The Austin-based company delivered just 6,406 Cybertrucks this year through March, according to Cox Automotive. That’s more than double its volume in the year-earlier period, when it was slowly starting to make the hard-to-build model. But the quarterly figure was less than half of what it sold in either the third or fourth quarter of 2024–14,416 and 12,991 units, respectively–as its production ramped up.
Musk had previously forecast that annual sales of the electric pickup might average 250,000 a year, though it delivered only about 39,000 last year. A combination of multiple recalls–including one last month to fix stainless steel body panels that fell off due to faulty glue–and the likelihood of sharply higher costs for steel, aluminum and imported auto parts due to Trump’s tariffs, suggest Tesla will struggle to boost sales of a model that can sell for about $100,000. Weak demand has also led to an inventory of about 2,400 unsold new Cybertrucks, according to auto news site Jalopnik.

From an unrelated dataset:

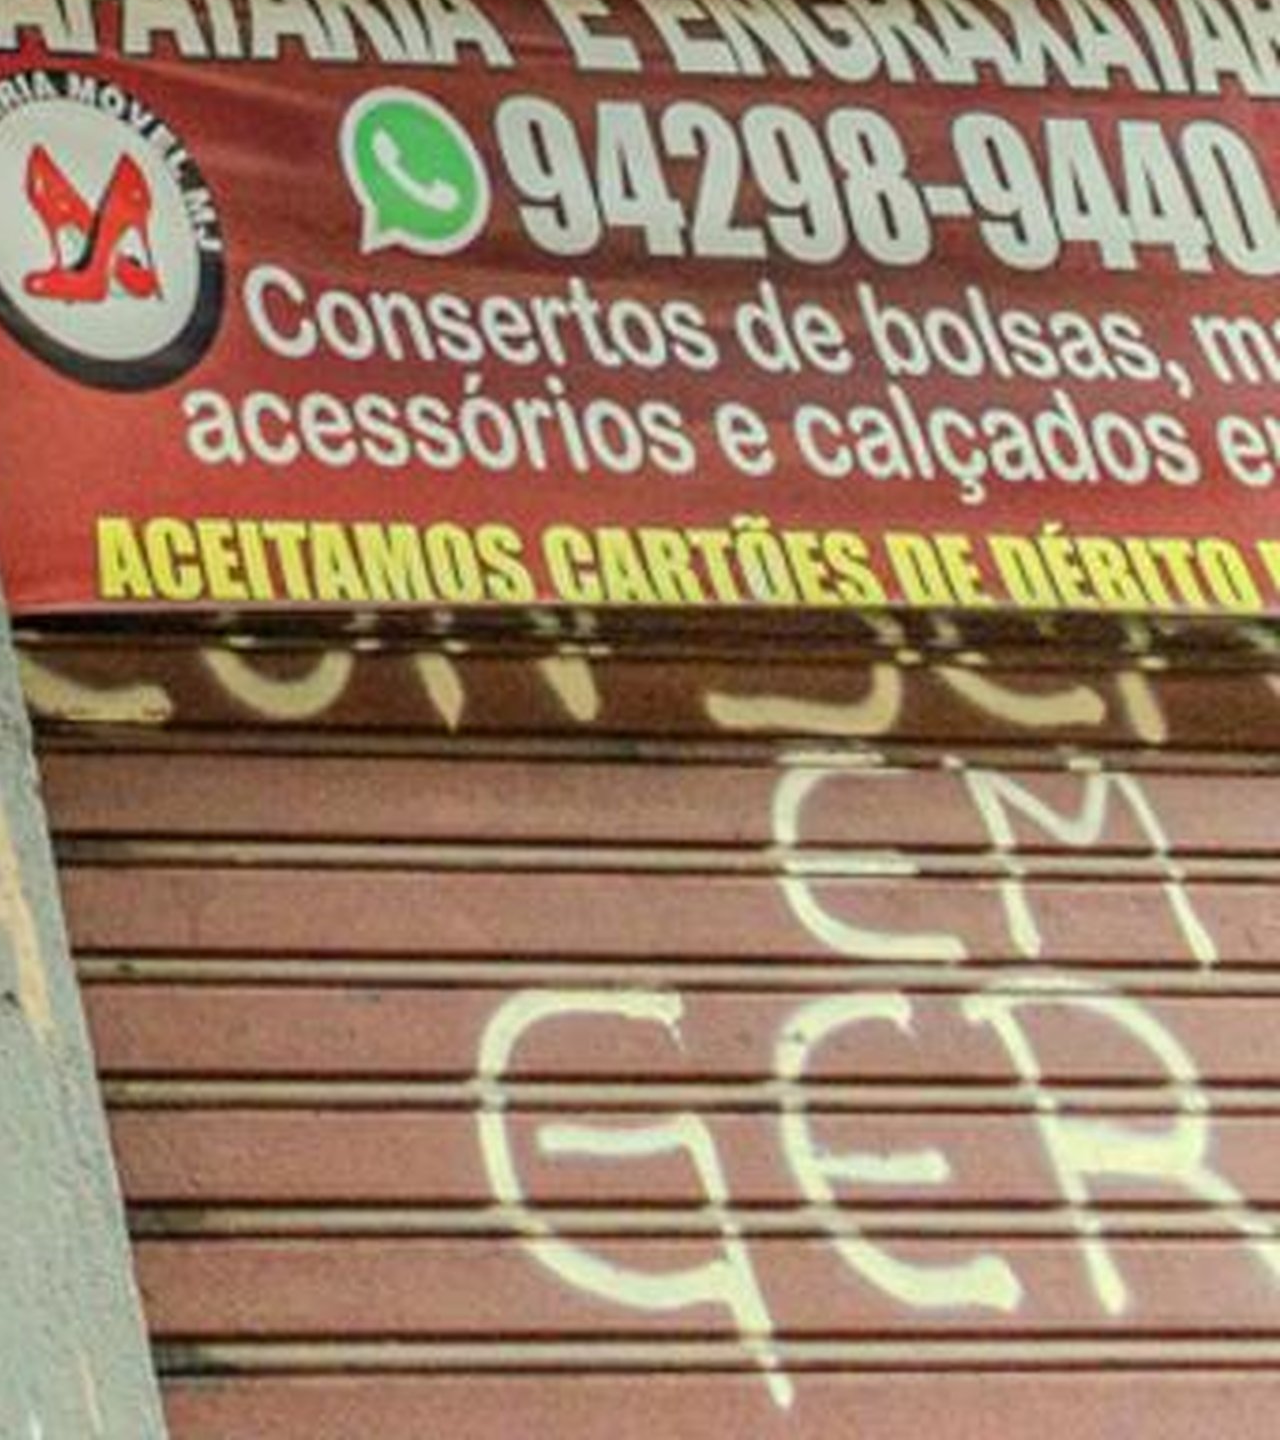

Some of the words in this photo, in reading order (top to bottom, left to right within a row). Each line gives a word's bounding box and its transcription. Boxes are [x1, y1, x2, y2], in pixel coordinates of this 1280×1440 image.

The model, which is shaping up to rank among the auto industry’s all-time biggest flops, can’t easily reverse its slump as its appeal is limited, said Alexander Edwards, whose research firm Strategic Vision, surveys thousands of consumers weekly for automotive industry clients.
“The Cybertruck has captured the hearts of those who prioritized innovation more than those who use a truck for personal or professional adventure,” Edwards told Forbes. “These innovators more often have identified themselves as Democrats and progressives and are no longer willing to go on a road-trip with Musk.”
Tesla, which posted a 5% drop in global vehicle deliveries in the first quarter, doesn’t disclose sales of individual models or performance by market. Cox, a leading auto industry data source, determined that Tesla’s U.S. sales fell 8.6% in the U.S. in the first quarter–even as overall electric vehicle sales rose 11%.
The outlook for the overall auto market is dimming as a result of Trump’s tariffs and the resulting inflation that’s expected to add thousands of dollars to new vehicle prices. On Thursday, Goldman Sachs slashed its estimate for U.S. auto sales by about 1 million units to 15.4 million from 16.25 million previously.
One bragging right Cybertruck claimed last year was that it topped Ford’s F-150 Lightning to rank as the best-selling electric pickup in the U.S. But it fell behind Ford’s battery-powered model in the first quarter, which saw sales of more than 7,187 units, according to Cox. That trend could continue as the year goes on.
“It will be a difficult road for Tesla’s Cybertruck to sell more electric trucks than the Ford F-150 Lightning as Musk has alienated his core base, not just from his politics, but the combative way he has worked with agencies the Trump administration has little love for,” Edwards said.
Tesla shares dropped 9% to $247.94 in afternoon Nasdaq trading. They’re down about 40% this year.